Quando vi, já estava aqui. Me olhava, olhava a todos a minha volta e achava isso aqui tudo muito estranho. Quando nova ainda me perguntava, o que será que estou fazendo aqui? Já achava estranho a morte, mas eram só perguntas sem respostas. Também pudera, não fui atrás das respostas das minhas perguntas. Cresci, pensava nas coisas, mas não raciocinava, vivia a vida desse mundo como todos. Até que alguém me chamou a atenção para a razão da vida, me falou que eu era a consciência e que tinha o espírito de Deus dentro de mim.

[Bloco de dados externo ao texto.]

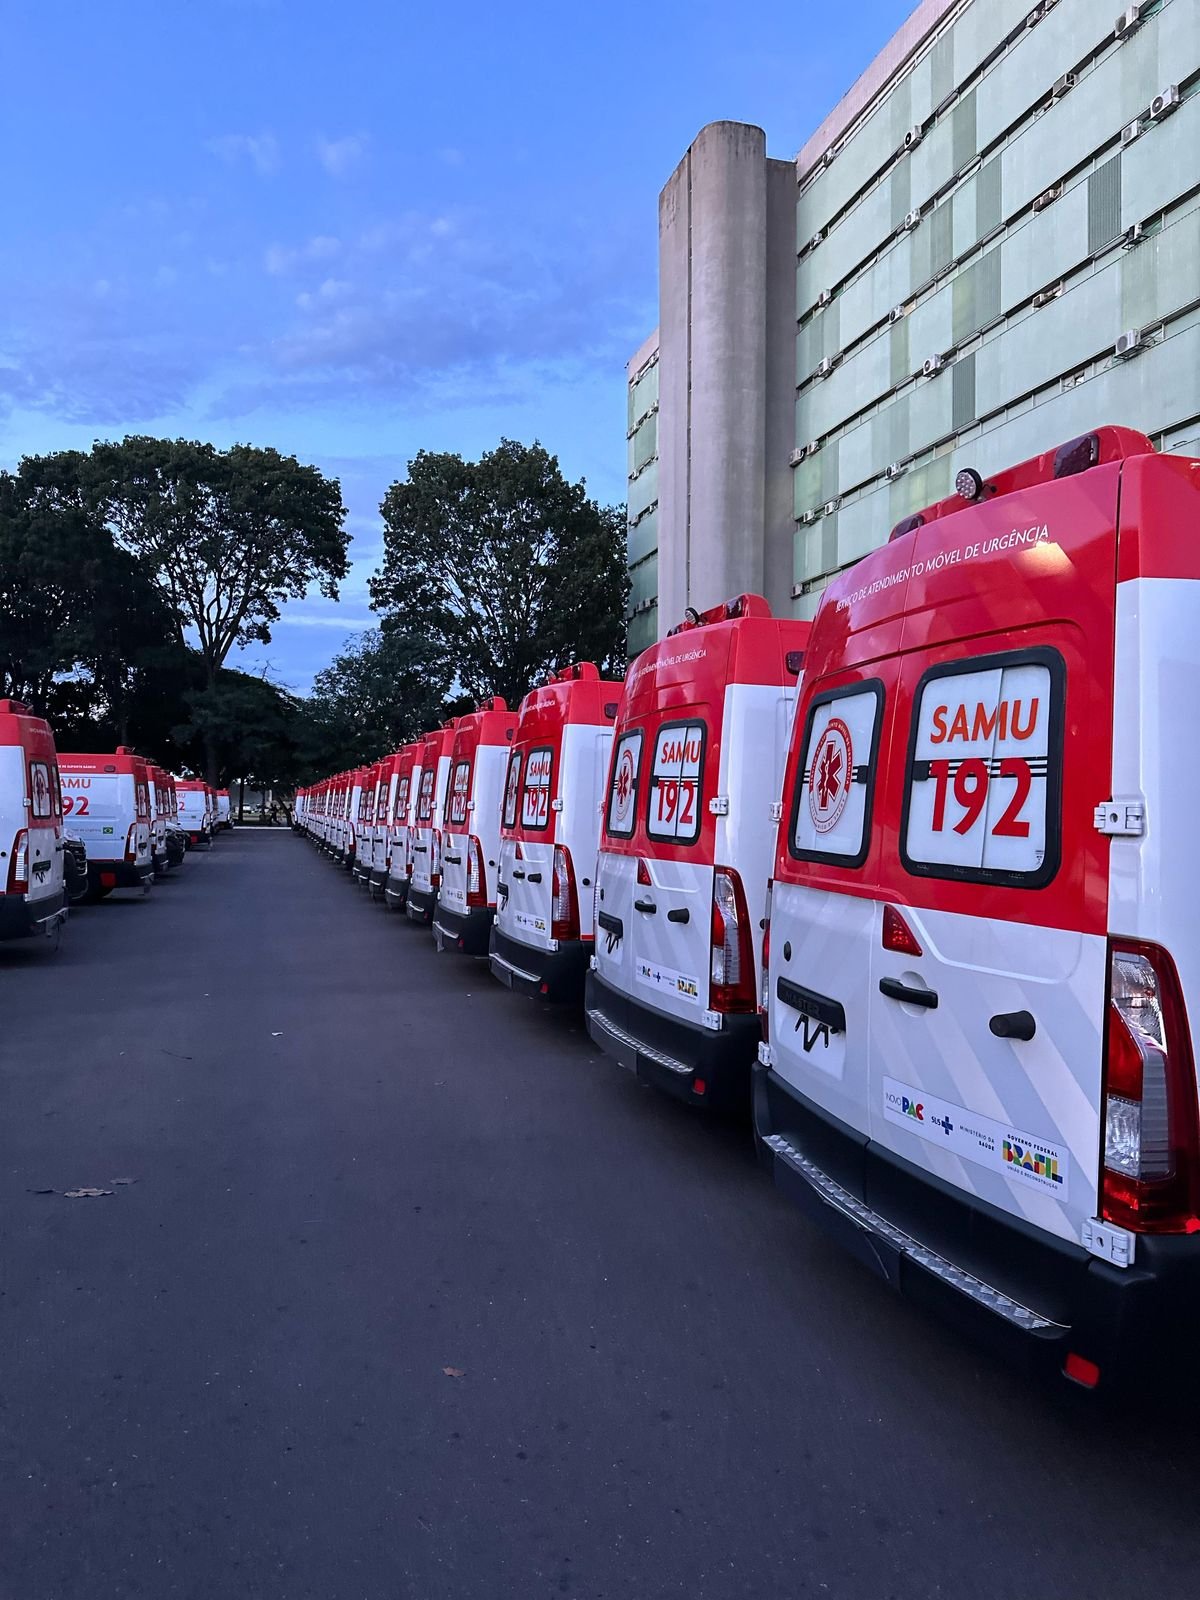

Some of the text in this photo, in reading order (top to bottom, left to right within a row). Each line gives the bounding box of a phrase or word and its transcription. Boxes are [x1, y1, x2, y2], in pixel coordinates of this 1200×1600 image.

Ouvia, pensava, mas não enxergava ao certo a consciência, como que algo fora de tudo, como que tudo que eu fazia, era eu mesma, a minha consciência que tomava as decisões e agia pela existência que ela era ligada, que no caso era a carne, pois eu só ouvia falar do espírito, mas só sentia a carne.

Até que depois de um bom tempo comecei a analisar a mim mesma, isto é, a minha própria consciência, e vi que muitas coisas eram ocultas dentro de mim mesma, pois não enxergava absolutamente nada, nem a mim mesma, quanto mais ao meu eu eterno, que é o meu espírito. E comecei a me aprofundar na minha consciência, no meu senhor para que eu pudesse me identificar por ele, o sentir dentro de mim e realmente enxergar o que tem por trás daquela grande montanha, que na verdade é dentro de mim mesma, pois quanto mais nos voltamos para dentro, mais nos conhecemos e nos identificamos com aquele que Deus quer que nos façamos um. É a minha consciência que deve gerar o filho da vida, primeiro é claro que deve ser inseminada a semente da vida que já está em nós e depois de inseminada, a consciência vai gerar este filho de Deus dentro de si mesma e ao mesmo tempo vai sentindo e conhecendo este novo ser e quando este ser estiver na estatura completa do ser espiritual, a consciência nascerá no plano do céu pelo espírito, e nada mais ficará oculto as nossas consciências, pois elas verão tudo o que tinha por trás daquela grande montanha.